* [Exercise instructions] Omit the pictures from the entries below and retype everything else exactly.

* [Stored data]
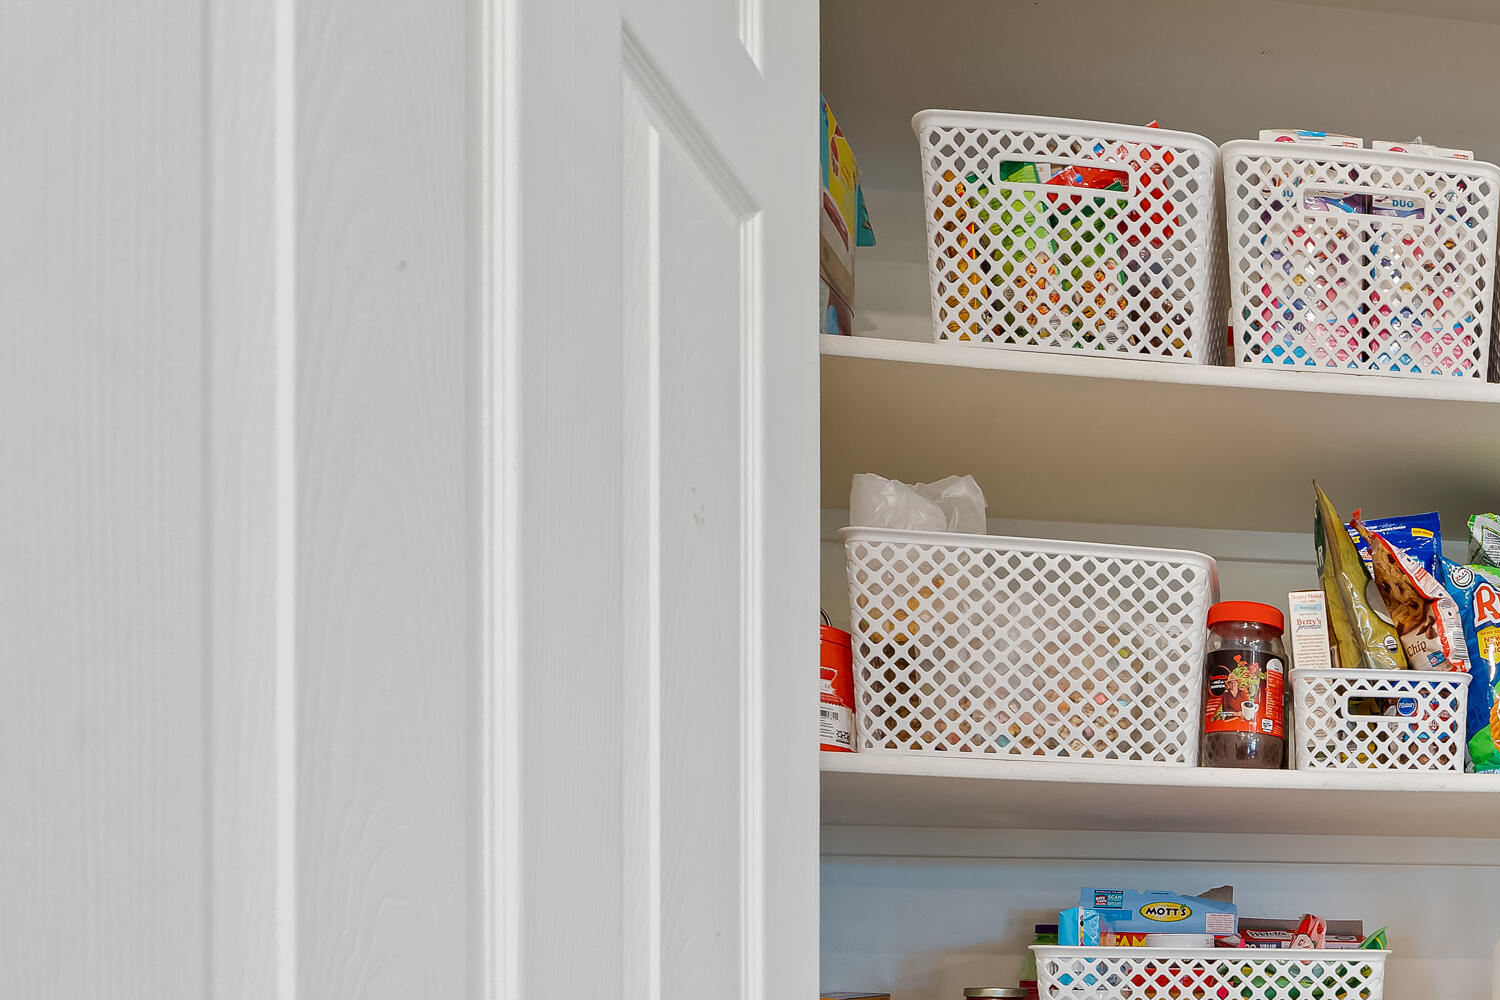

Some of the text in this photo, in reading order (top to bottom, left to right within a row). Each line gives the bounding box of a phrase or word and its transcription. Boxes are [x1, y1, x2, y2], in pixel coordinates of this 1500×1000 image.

[1391, 199, 1414, 208] DUO
[1296, 617, 1322, 626] Betty's
[1406, 641, 1427, 657] Chip
[1145, 905, 1187, 917] MOTT'S
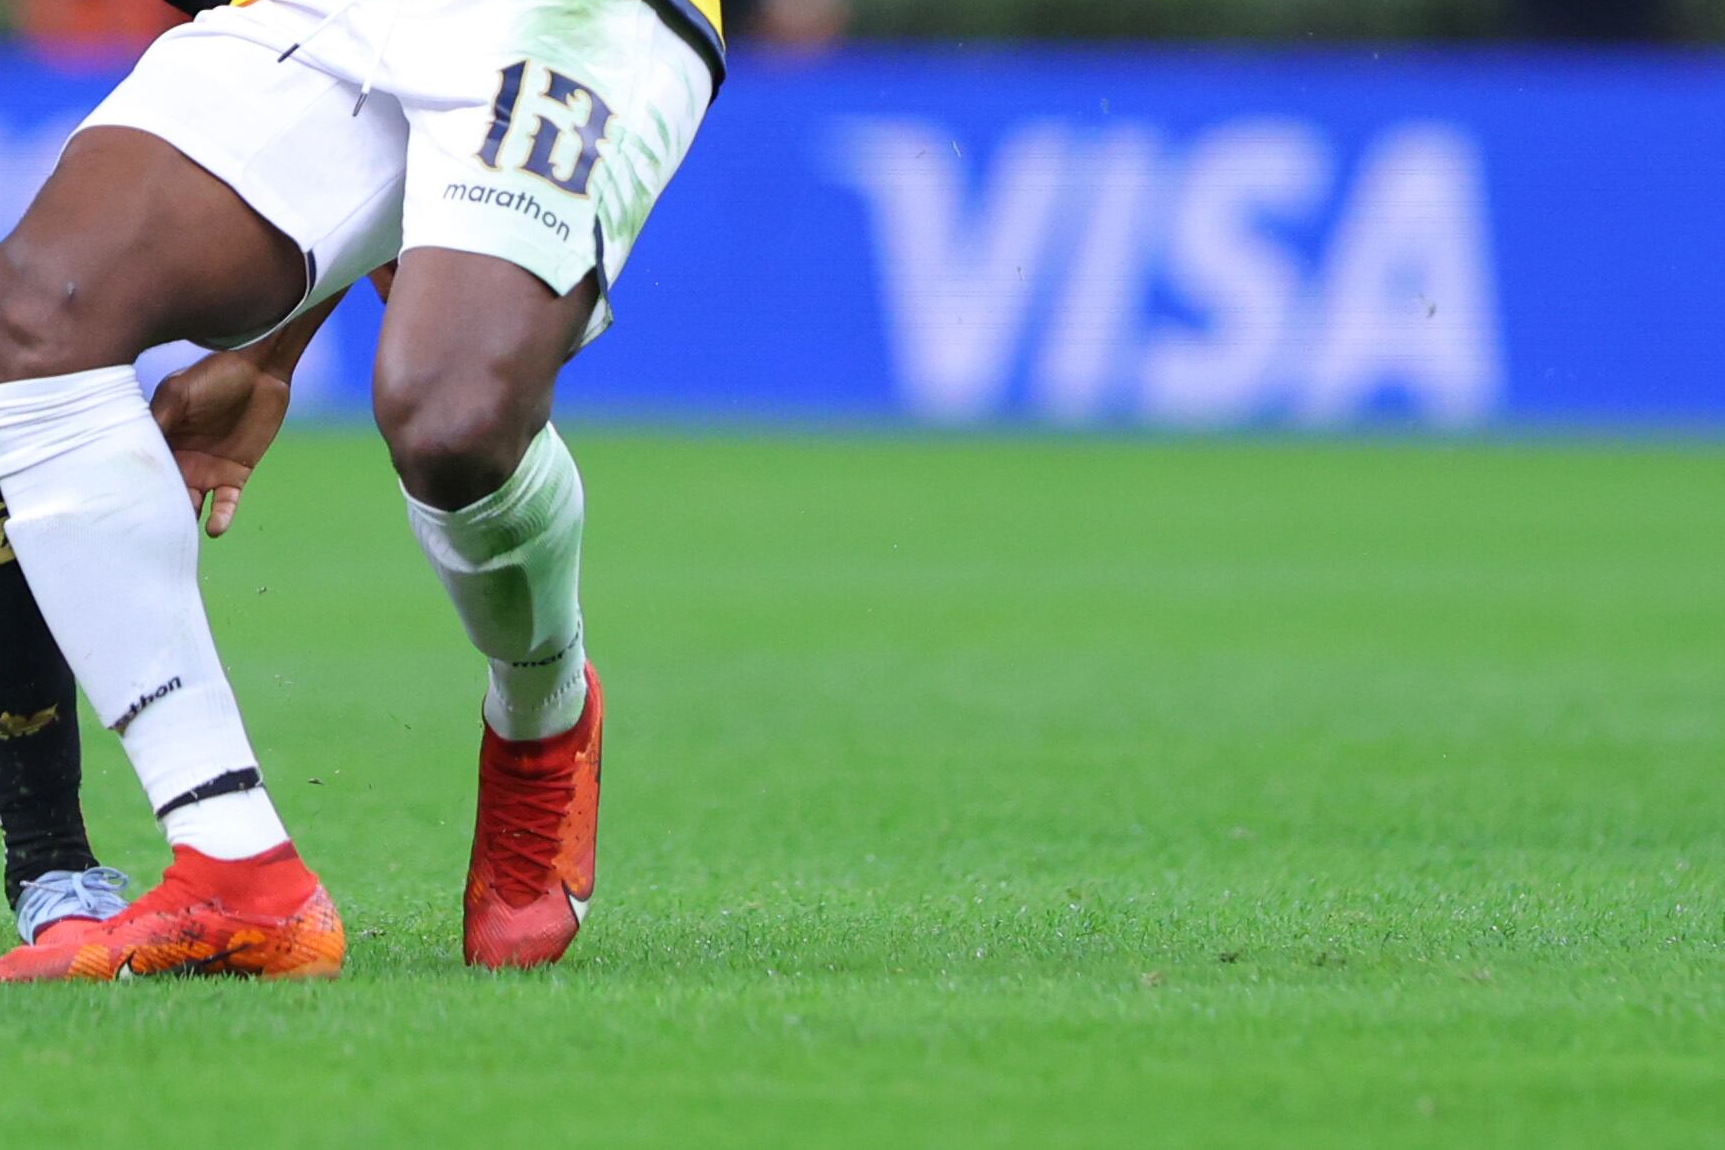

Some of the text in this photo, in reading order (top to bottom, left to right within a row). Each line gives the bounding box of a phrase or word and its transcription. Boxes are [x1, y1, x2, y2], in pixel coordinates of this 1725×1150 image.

[472, 56, 619, 200] 13
[442, 182, 572, 243] marathon
[820, 112, 1510, 425] VISA

* [Exercise result]
Some of the text in this photo, in reading order (top to bottom, left to right within a row). Each line gives the bounding box of a phrase or word and its transcription. Boxes are [x1, y1, x2, y2], in pixel coordinates of this 1500×1000 image.

[1391, 199, 1414, 208] DUO
[1296, 617, 1322, 626] Betty's
[1406, 641, 1427, 657] Chip
[1145, 905, 1187, 917] MOTT'S

Some of the text in this photo, in reading order (top to bottom, left to right within a row). Each line gives the bounding box of a phrase or word and its transcription. Boxes are [x1, y1, x2, y2], in pixel coordinates of this 1725×1150 image.

[472, 56, 619, 200] 13
[442, 182, 572, 243] marathon
[820, 112, 1510, 425] VISA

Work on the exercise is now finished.